• _BRIEF_:
Repeat every record exactly as written.

··· DATA PROVIDED ···

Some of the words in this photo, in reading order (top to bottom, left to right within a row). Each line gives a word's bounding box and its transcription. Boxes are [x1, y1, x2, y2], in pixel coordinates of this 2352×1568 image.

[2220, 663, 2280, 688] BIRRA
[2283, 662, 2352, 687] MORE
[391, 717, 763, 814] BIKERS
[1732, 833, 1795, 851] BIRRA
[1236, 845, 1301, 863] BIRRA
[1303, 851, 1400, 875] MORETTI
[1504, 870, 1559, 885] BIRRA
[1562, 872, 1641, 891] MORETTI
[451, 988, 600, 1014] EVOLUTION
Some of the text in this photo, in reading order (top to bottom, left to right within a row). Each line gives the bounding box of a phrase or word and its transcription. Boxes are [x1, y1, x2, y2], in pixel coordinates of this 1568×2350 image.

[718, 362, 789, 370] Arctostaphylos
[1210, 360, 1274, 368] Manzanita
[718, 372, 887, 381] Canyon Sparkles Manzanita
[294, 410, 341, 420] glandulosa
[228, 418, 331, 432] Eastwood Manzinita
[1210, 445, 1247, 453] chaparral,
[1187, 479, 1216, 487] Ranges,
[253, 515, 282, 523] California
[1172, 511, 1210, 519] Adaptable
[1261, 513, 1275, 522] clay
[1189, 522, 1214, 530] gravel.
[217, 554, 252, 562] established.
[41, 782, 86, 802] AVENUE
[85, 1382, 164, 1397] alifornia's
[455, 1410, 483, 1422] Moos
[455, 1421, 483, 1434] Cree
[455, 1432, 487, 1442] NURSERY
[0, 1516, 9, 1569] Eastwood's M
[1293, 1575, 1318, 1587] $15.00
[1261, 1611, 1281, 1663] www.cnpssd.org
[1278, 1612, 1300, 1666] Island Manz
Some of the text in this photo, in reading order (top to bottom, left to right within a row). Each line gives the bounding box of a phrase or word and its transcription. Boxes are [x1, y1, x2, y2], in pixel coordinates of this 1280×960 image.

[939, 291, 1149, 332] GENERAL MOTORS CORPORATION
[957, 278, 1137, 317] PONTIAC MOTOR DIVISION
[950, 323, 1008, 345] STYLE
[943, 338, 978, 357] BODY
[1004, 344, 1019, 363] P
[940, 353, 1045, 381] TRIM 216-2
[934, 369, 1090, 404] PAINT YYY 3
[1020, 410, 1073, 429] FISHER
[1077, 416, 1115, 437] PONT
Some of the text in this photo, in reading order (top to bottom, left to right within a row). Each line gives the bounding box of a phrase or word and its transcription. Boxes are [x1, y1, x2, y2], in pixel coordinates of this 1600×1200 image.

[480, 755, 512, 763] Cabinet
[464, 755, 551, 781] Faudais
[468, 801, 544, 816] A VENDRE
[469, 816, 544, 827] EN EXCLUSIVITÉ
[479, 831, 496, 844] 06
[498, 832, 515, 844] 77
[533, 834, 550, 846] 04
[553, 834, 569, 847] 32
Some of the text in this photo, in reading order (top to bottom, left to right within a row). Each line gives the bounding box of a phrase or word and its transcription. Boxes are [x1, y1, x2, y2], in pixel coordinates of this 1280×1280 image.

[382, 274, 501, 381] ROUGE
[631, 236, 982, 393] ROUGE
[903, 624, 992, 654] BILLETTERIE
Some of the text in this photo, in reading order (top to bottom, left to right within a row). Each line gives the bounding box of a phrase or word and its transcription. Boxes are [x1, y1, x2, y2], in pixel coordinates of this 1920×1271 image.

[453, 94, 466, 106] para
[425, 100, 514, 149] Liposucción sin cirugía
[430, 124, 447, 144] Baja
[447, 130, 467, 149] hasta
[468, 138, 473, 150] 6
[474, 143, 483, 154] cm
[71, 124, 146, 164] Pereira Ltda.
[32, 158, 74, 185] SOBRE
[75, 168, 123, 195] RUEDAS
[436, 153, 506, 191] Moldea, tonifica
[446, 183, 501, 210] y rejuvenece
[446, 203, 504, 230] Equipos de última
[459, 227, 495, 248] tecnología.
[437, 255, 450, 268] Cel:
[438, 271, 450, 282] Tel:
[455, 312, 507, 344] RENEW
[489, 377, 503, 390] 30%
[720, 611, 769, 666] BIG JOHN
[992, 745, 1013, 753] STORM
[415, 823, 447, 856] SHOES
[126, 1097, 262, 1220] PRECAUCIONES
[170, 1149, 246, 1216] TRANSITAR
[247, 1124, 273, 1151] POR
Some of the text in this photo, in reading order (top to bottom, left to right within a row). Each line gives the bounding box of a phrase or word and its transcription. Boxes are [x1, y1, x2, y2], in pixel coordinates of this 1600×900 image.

···

• _EXERCISE RESULT_:
Some of the words in this photo, in reading order (top to bottom, left to right within a row). Each line gives a word's bounding box and its transcription. Boxes are [x1, y1, x2, y2], in pixel coordinates of this 2352×1568 image.

[2220, 663, 2280, 688] BIRRA
[2283, 662, 2352, 687] MORE
[391, 717, 763, 814] BIKERS
[1732, 833, 1795, 851] BIRRA
[1236, 845, 1301, 863] BIRRA
[1303, 851, 1400, 875] MORETTI
[1504, 870, 1559, 885] BIRRA
[1562, 872, 1641, 891] MORETTI
[451, 988, 600, 1014] EVOLUTION
Some of the text in this photo, in reading order (top to bottom, left to right within a row). Each line gives the bounding box of a phrase or word and its transcription. Boxes are [x1, y1, x2, y2], in pixel coordinates of this 1568×2350 image.

[718, 362, 789, 370] Arctostaphylos
[1210, 360, 1274, 368] Manzanita
[718, 372, 887, 381] Canyon Sparkles Manzanita
[294, 410, 341, 420] glandulosa
[228, 418, 331, 432] Eastwood Manzinita
[1210, 445, 1247, 453] chaparral,
[1187, 479, 1216, 487] Ranges,
[253, 515, 282, 523] California
[1172, 511, 1210, 519] Adaptable
[1261, 513, 1275, 522] clay
[1189, 522, 1214, 530] gravel.
[217, 554, 252, 562] established.
[41, 782, 86, 802] AVENUE
[85, 1382, 164, 1397] alifornia's
[455, 1410, 483, 1422] Moos
[455, 1421, 483, 1434] Cree
[455, 1432, 487, 1442] NURSERY
[0, 1516, 9, 1569] Eastwood's M
[1293, 1575, 1318, 1587] $15.00
[1261, 1611, 1281, 1663] www.cnpssd.org
[1278, 1612, 1300, 1666] Island Manz
Some of the text in this photo, in reading order (top to bottom, left to right within a row). Each line gives the bounding box of a phrase or word and its transcription. Boxes are [x1, y1, x2, y2], in pixel coordinates of this 1280×960 image.

[939, 291, 1149, 332] GENERAL MOTORS CORPORATION
[957, 278, 1137, 317] PONTIAC MOTOR DIVISION
[950, 323, 1008, 345] STYLE
[943, 338, 978, 357] BODY
[1004, 344, 1019, 363] P
[940, 353, 1045, 381] TRIM 216-2
[934, 369, 1090, 404] PAINT YYY 3
[1020, 410, 1073, 429] FISHER
[1077, 416, 1115, 437] PONT
Some of the text in this photo, in reading order (top to bottom, left to right within a row). Each line gives the bounding box of a phrase or word and its transcription. Boxes are [x1, y1, x2, y2], in pixel coordinates of this 1600×1200 image.

[480, 755, 512, 763] Cabinet
[464, 755, 551, 781] Faudais
[468, 801, 544, 816] A VENDRE
[469, 816, 544, 827] EN EXCLUSIVITÉ
[479, 831, 496, 844] 06
[498, 832, 515, 844] 77
[533, 834, 550, 846] 04
[553, 834, 569, 847] 32
Some of the text in this photo, in reading order (top to bottom, left to right within a row). Each line gives the bounding box of a phrase or word and its transcription. Boxes are [x1, y1, x2, y2], in pixel coordinates of this 1280×1280 image.

[382, 274, 501, 381] ROUGE
[631, 236, 982, 393] ROUGE
[903, 624, 992, 654] BILLETTERIE
Some of the text in this photo, in reading order (top to bottom, left to right within a row). Each line gives the bounding box of a phrase or word and its transcription. Boxes are [x1, y1, x2, y2], in pixel coordinates of this 1920×1271 image.

[453, 94, 466, 106] para
[425, 100, 514, 149] Liposucción sin cirugía
[430, 124, 447, 144] Baja
[447, 130, 467, 149] hasta
[468, 138, 473, 150] 6
[474, 143, 483, 154] cm
[71, 124, 146, 164] Pereira Ltda.
[32, 158, 74, 185] SOBRE
[75, 168, 123, 195] RUEDAS
[436, 153, 506, 191] Moldea, tonifica
[446, 183, 501, 210] y rejuvenece
[446, 203, 504, 230] Equipos de última
[459, 227, 495, 248] tecnología.
[437, 255, 450, 268] Cel:
[438, 271, 450, 282] Tel:
[455, 312, 507, 344] RENEW
[489, 377, 503, 390] 30%
[720, 611, 769, 666] BIG JOHN
[992, 745, 1013, 753] STORM
[415, 823, 447, 856] SHOES
[126, 1097, 262, 1220] PRECAUCIONES
[170, 1149, 246, 1216] TRANSITAR
[247, 1124, 273, 1151] POR
Some of the text in this photo, in reading order (top to bottom, left to right within a row). Each line gives the bounding box of a phrase or word and its transcription. Boxes are [x1, y1, x2, y2], in pixel coordinates of this 1600×900 image.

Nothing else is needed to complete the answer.